20 November 2000
‘French flooding UK with old beef’
By FWi staff
FRENCH farmers who have seen their home market collapse due to BSE scares are flooding Britain with cheap beef, reports the Daily Mail.
British producers claim rules to stop beef from animals aged over 30 months coming to this country are widely flouted.
Farmers claim importers get round the Over Thirty Months Scheme rules by sending meat to cutting plants in Ireland and Holland.
Once processed in another country, meat can be labelled as produce of that country.
The Mail says officially beef directly imported from France adds up to 5000 tonnes – less than one per cent of total consumption.

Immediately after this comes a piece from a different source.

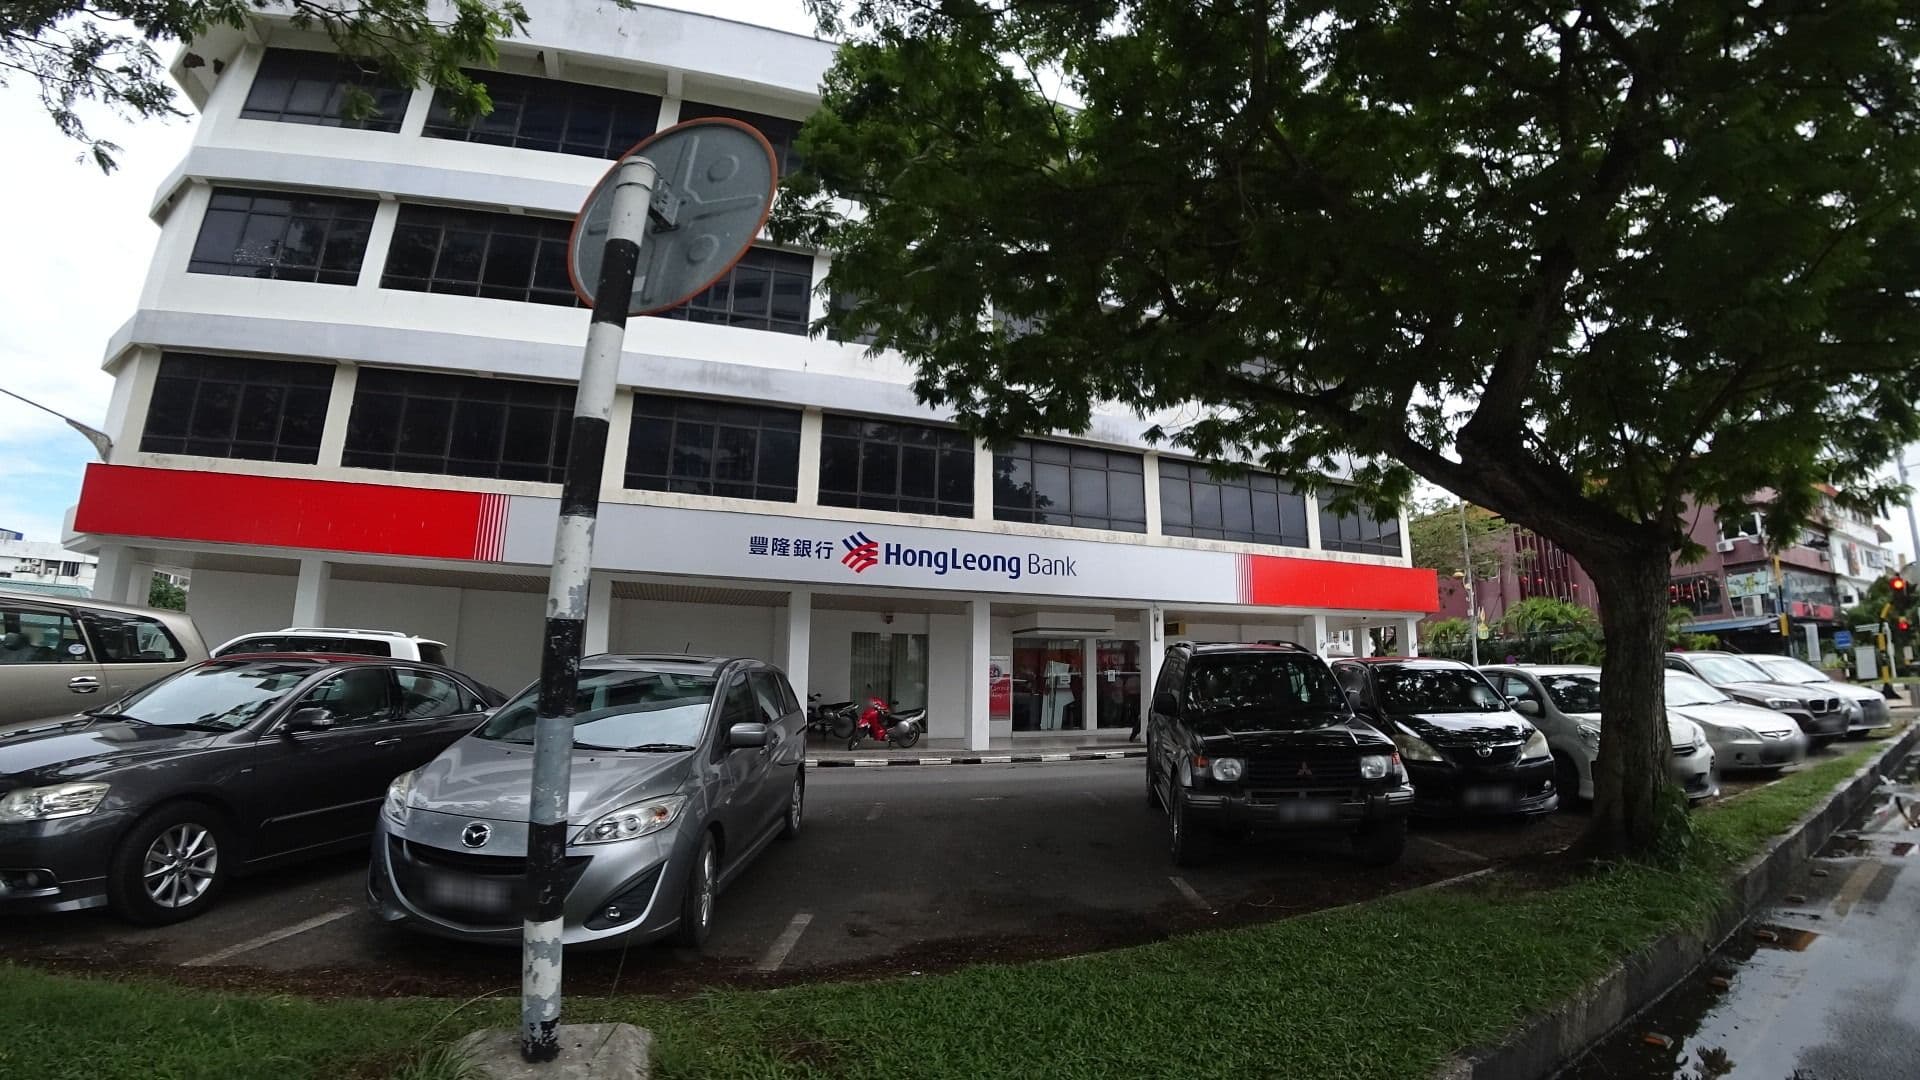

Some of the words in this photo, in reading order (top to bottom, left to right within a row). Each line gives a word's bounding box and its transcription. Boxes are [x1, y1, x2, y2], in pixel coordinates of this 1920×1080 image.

[749, 536, 833, 560] 豐隆銀行
[1028, 553, 1077, 577] Bank

But it claims that the figure could be much higher, particularly because meat in the catering trade is often more difficult to trace.
Hugh Leman of Coventry-based Cumberland Meat Packers said 1 million tonnes of beef from old cows has been imported in the past five years, in defiance of the ban.
Meanwhile, the Conservatives are to apply to the Whitehall Ombudsman to publish advice received from the Food Standards Agency on the risk posed by French beef.
Tory agriculture spokesman Yim Yeo said he would press ministers to live up to transparency promised when the FSA was set up, reports The Daily Telegraph.
Unless up-to-date information was released, Mr Yeo said he would apply for access to papers under terms of the Code of Open Government.
In another development, Scottish butchers have called for French beef imports to be banned.
Without this, they say the billions of pounds spent eradicating BSE in the UK could be wasted.
And Germany is prepared to violate European law and ban British beef if a meeting of EU farm ministers on Monday (20 November) fails to produce concessions on testing.
As panic over BSE spreads, Germany is expected to rush through safeguards this week, reports The Times.
German newspapers have expressed fears about infected lamb, and speculated about the safety of doner kebabs, the countrys favourite fast food.